Prof Abubakar Njodi, the university’s vice chancellor, said they would not be cowed by the Islamist terror group, Boko Haram, and declared that academic activities in the institution would go on. “The aim of Boko Haram is to make us close the university, but we will never do that,” Prof Njodi said when Maj-Gen Lucky Irabor, the commander heading ‘Operation Lafiya Dole’ (peace by force) whose mandate is to flush out the terrorists, paid him a condolence visit.

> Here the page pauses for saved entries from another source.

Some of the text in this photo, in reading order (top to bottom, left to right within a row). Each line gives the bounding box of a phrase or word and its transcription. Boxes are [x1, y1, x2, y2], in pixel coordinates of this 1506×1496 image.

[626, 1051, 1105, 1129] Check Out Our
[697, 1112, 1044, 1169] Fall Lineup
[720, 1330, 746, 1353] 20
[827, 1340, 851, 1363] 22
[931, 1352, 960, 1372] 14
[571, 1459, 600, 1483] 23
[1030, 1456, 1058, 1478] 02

“I can convince the senate, the management and the university community to close the school to save lives, but if we do that, we are not helping. “If we run, that means there is nobody they (army) should be fighting for. We should stay put and resolve it.’’The terrorists, he said would be frustrated if the university continued its operations.
Condemning the attacks
Nigerians have condemned the Monday attacks led by President Muhammadu Buhari who said the appalling violence on a revered place of worship shows that the perpetrators have no true understanding of Islam.In a statement issued by Mr Femi Adesina, the presidential communications advisor, the president expressed his condolences to the university community and families of the victims.

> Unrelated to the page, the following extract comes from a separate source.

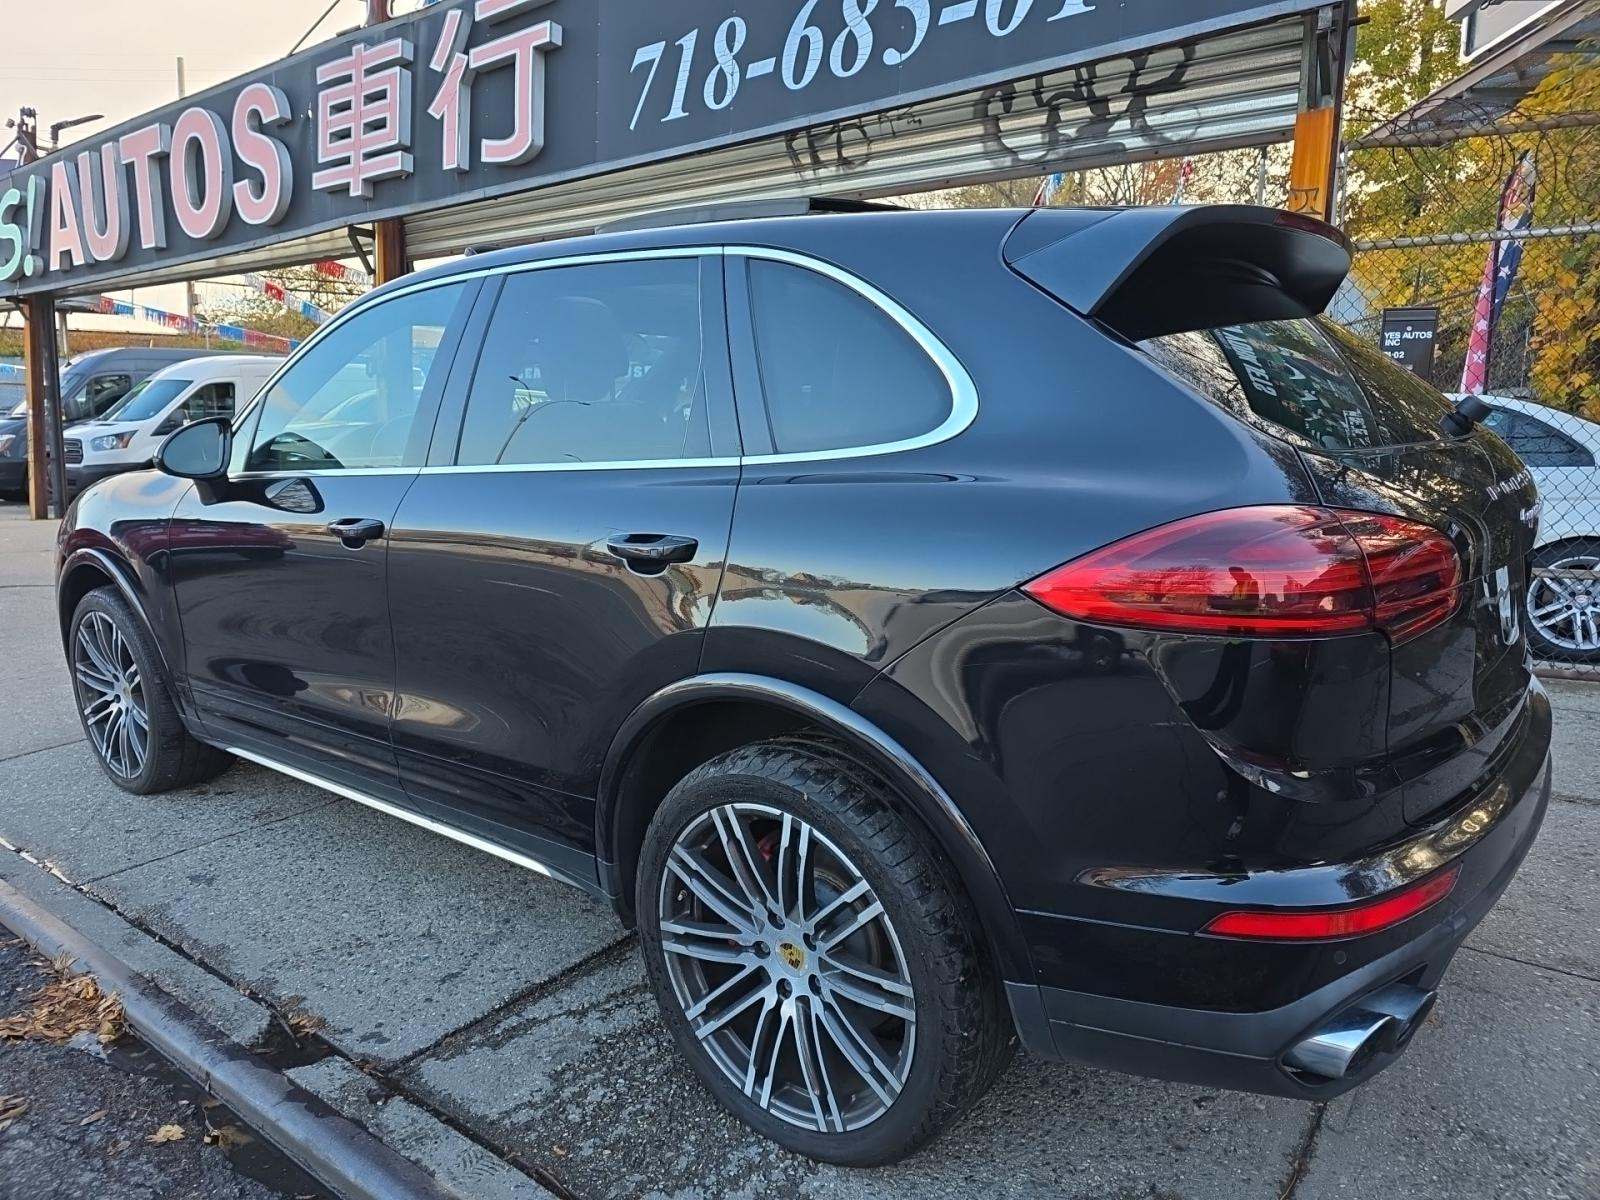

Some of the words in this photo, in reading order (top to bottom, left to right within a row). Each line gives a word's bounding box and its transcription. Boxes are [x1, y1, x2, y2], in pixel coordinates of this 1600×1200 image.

[50, 82, 291, 271] AUTOS
[312, 0, 562, 198] 車行
[1384, 331, 1401, 339] YES
[1402, 331, 1433, 339] AUTOS

The Academic Staff Union of Universities (ASUU), expressed shock and suspended a press conference it had planned to hold after a meeting of its National Executive Council in Kano.ASUU national president, Prof Abiodun Ogunyemi, said: “We are upset with the unfortunate development in Maiduguri.’’
While condemning the attacks, the National Parents’ Teachers’ Association of Nigeria (NAPTAN) called for urgent deployment of security personnel to institutions.Mr Adeolu Ogunbanjo, a deputy president of NAPTAN, urged the Federal Government to tighten security in and around primary, secondary and tertiary institutions in the country.
“Tertiary institutions and schools have become soft targets because there are no armed security personnel guarding them,’’ he said.